--- MATERIAL FOR THIS TASK ---

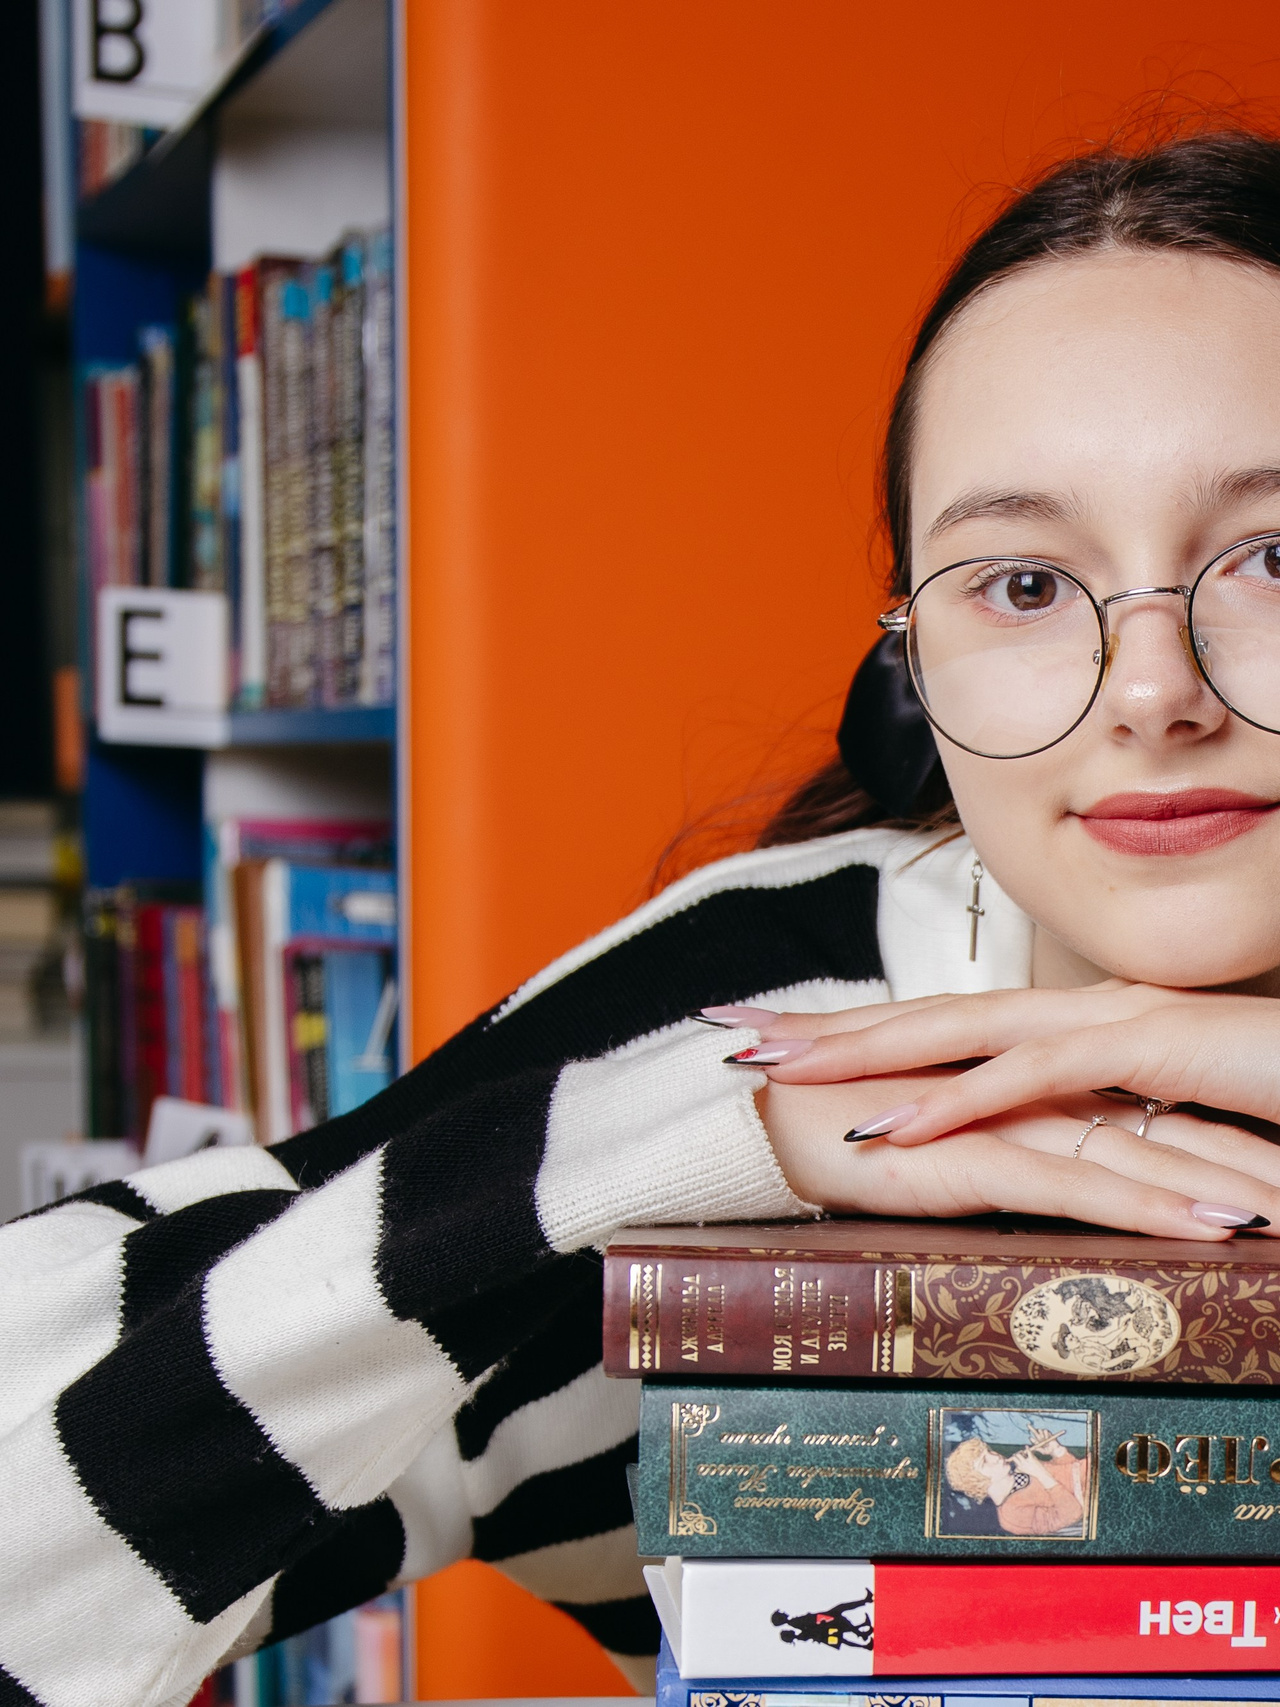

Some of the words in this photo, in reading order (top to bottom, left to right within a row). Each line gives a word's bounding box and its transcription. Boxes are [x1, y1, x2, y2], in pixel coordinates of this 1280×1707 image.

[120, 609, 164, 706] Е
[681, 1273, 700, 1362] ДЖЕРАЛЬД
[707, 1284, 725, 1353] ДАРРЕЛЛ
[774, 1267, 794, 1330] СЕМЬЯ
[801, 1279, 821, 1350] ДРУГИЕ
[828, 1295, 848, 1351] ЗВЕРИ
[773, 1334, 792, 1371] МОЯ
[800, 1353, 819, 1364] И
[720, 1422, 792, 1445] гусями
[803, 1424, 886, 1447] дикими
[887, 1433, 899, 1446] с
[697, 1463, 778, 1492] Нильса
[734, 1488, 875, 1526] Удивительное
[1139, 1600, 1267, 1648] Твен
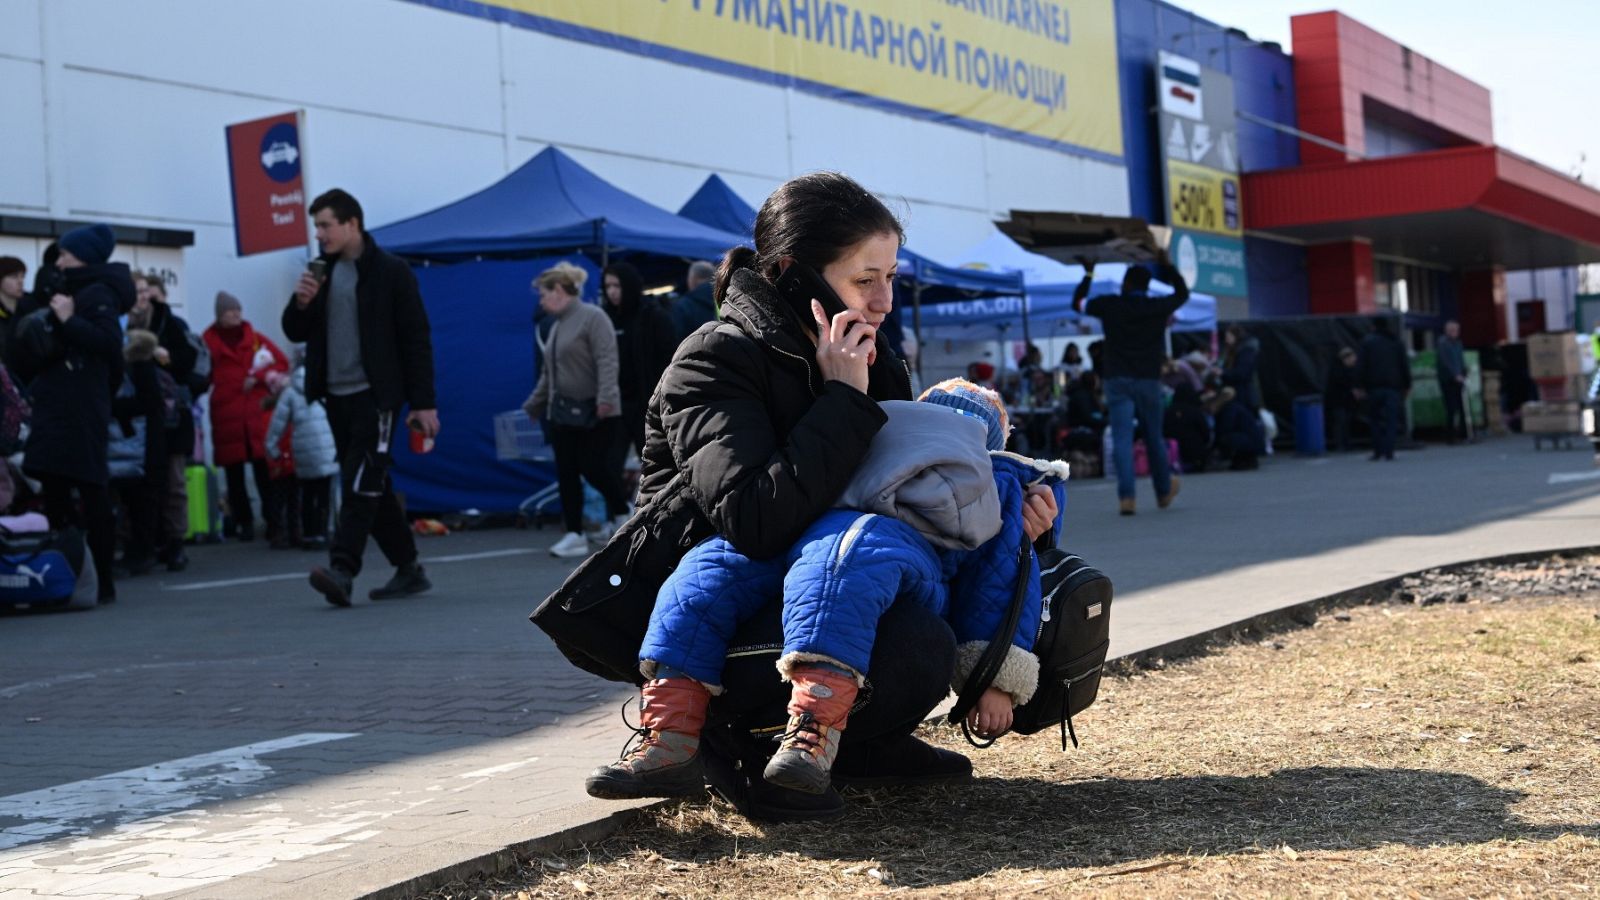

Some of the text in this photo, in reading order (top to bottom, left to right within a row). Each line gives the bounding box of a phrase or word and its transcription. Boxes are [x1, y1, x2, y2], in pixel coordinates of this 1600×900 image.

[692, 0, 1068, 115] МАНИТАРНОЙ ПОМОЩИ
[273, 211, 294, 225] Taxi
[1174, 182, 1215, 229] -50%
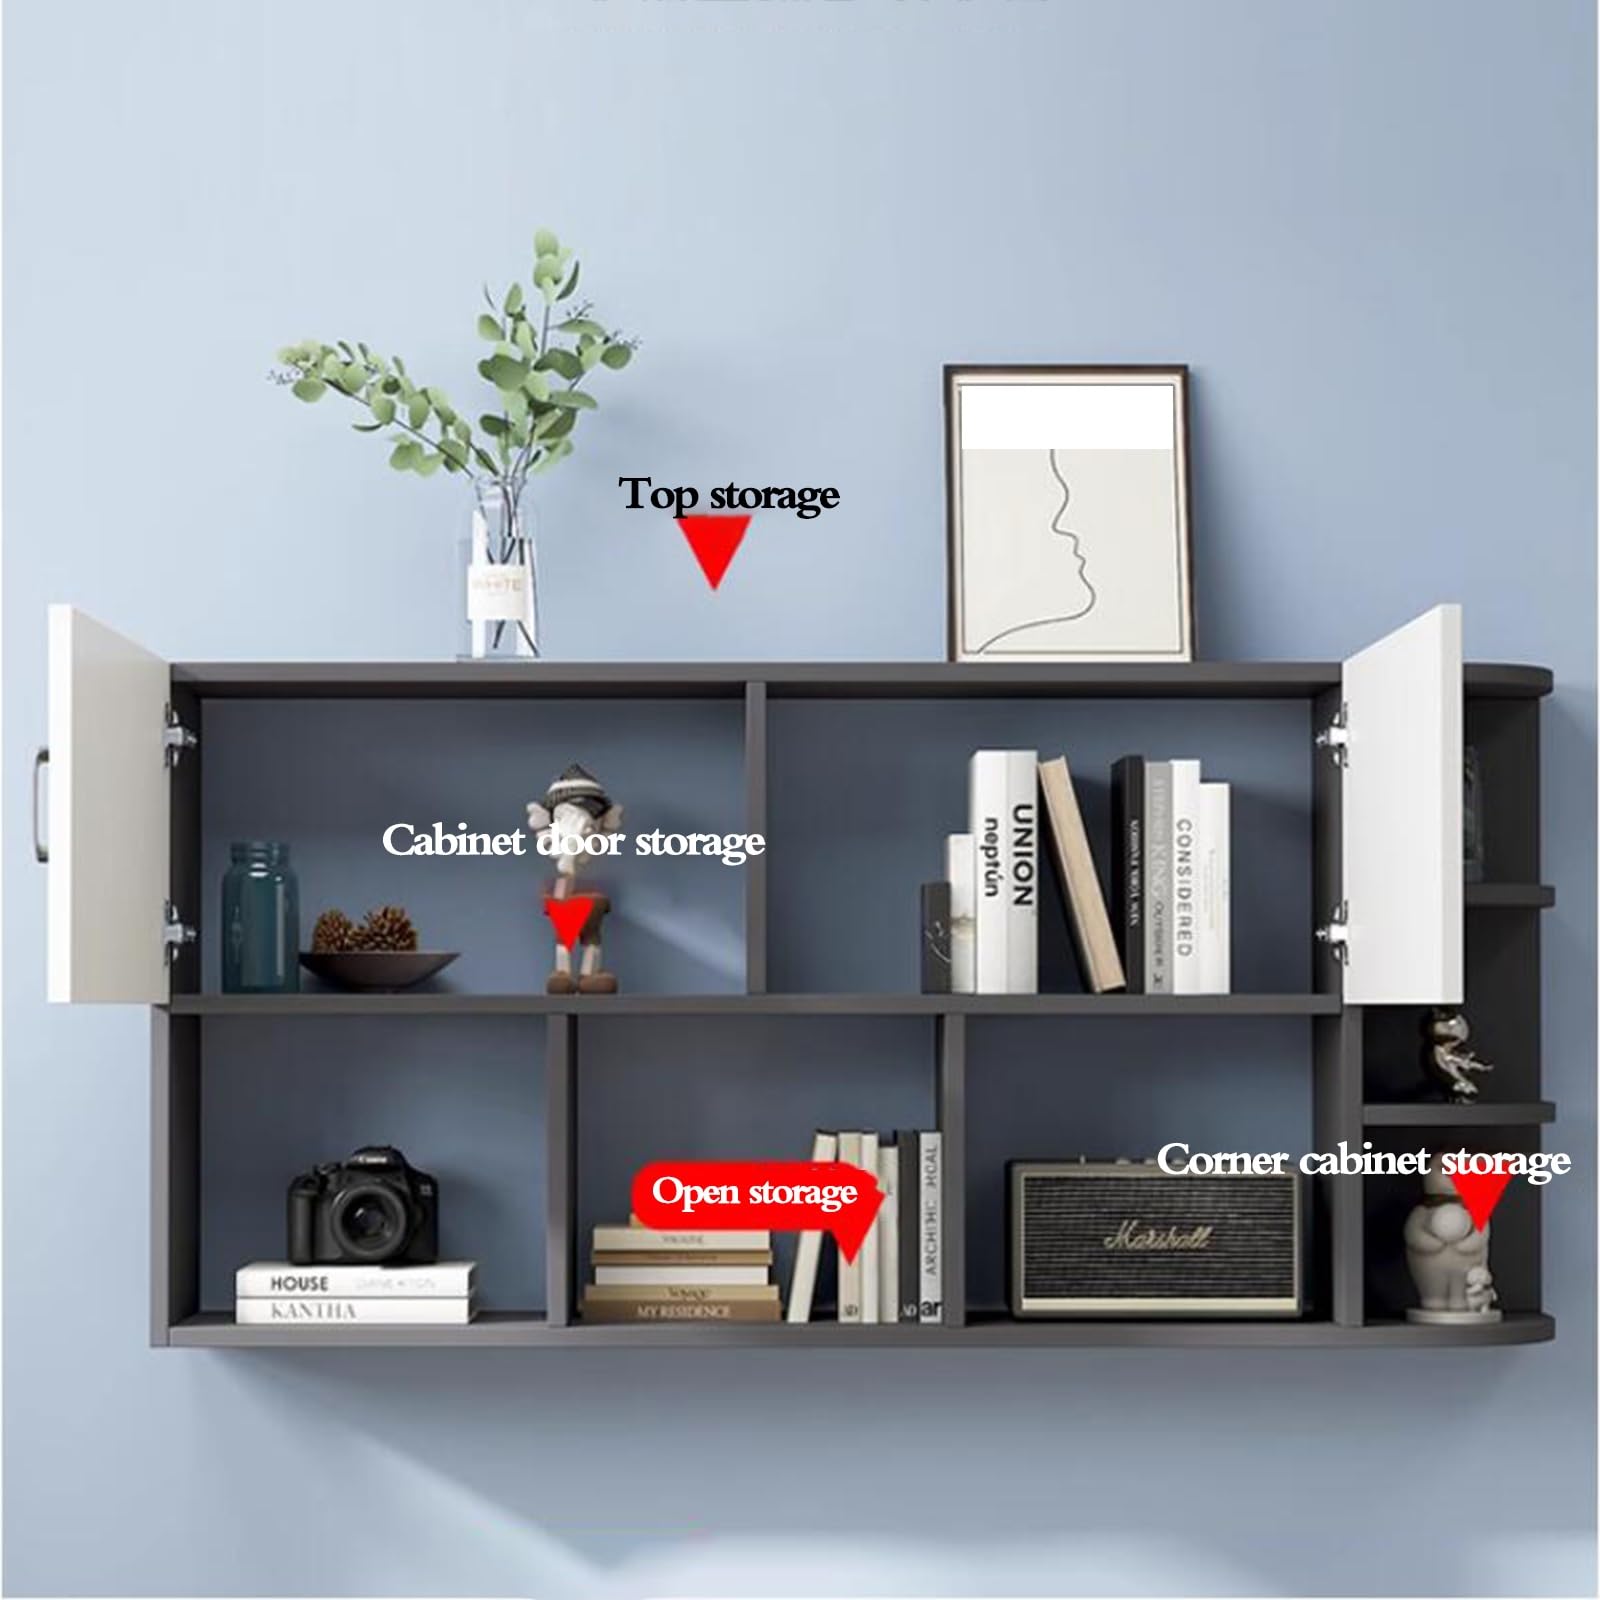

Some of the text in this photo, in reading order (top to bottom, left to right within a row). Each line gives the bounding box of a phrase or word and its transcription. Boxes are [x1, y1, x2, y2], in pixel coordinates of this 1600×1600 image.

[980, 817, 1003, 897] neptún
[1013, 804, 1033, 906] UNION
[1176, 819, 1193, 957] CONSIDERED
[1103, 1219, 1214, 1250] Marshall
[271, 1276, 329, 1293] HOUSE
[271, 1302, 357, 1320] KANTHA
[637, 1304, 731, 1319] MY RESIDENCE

---

▸ **AIM OF THE EXERCISE**:
The required answer is every line from the one containing "this 1600×900 image." through the last line of the entries, restated word for word and with no pictures.

▸ **RESULT OF THE TASK**:
Some of the text in this photo, in reading order (top to bottom, left to right within a row). Each line gives the bounding box of a phrase or word and its transcription. Boxes are [x1, y1, x2, y2], in pixel coordinates of this 1600×900 image.

[692, 0, 1068, 115] МАНИТАРНОЙ ПОМОЩИ
[273, 211, 294, 225] Taxi
[1174, 182, 1215, 229] -50%

Some of the text in this photo, in reading order (top to bottom, left to right within a row). Each line gives the bounding box of a phrase or word and its transcription. Boxes are [x1, y1, x2, y2], in pixel coordinates of this 1600×1600 image.

[980, 817, 1003, 897] neptún
[1013, 804, 1033, 906] UNION
[1176, 819, 1193, 957] CONSIDERED
[1103, 1219, 1214, 1250] Marshall
[271, 1276, 329, 1293] HOUSE
[271, 1302, 357, 1320] KANTHA
[637, 1304, 731, 1319] MY RESIDENCE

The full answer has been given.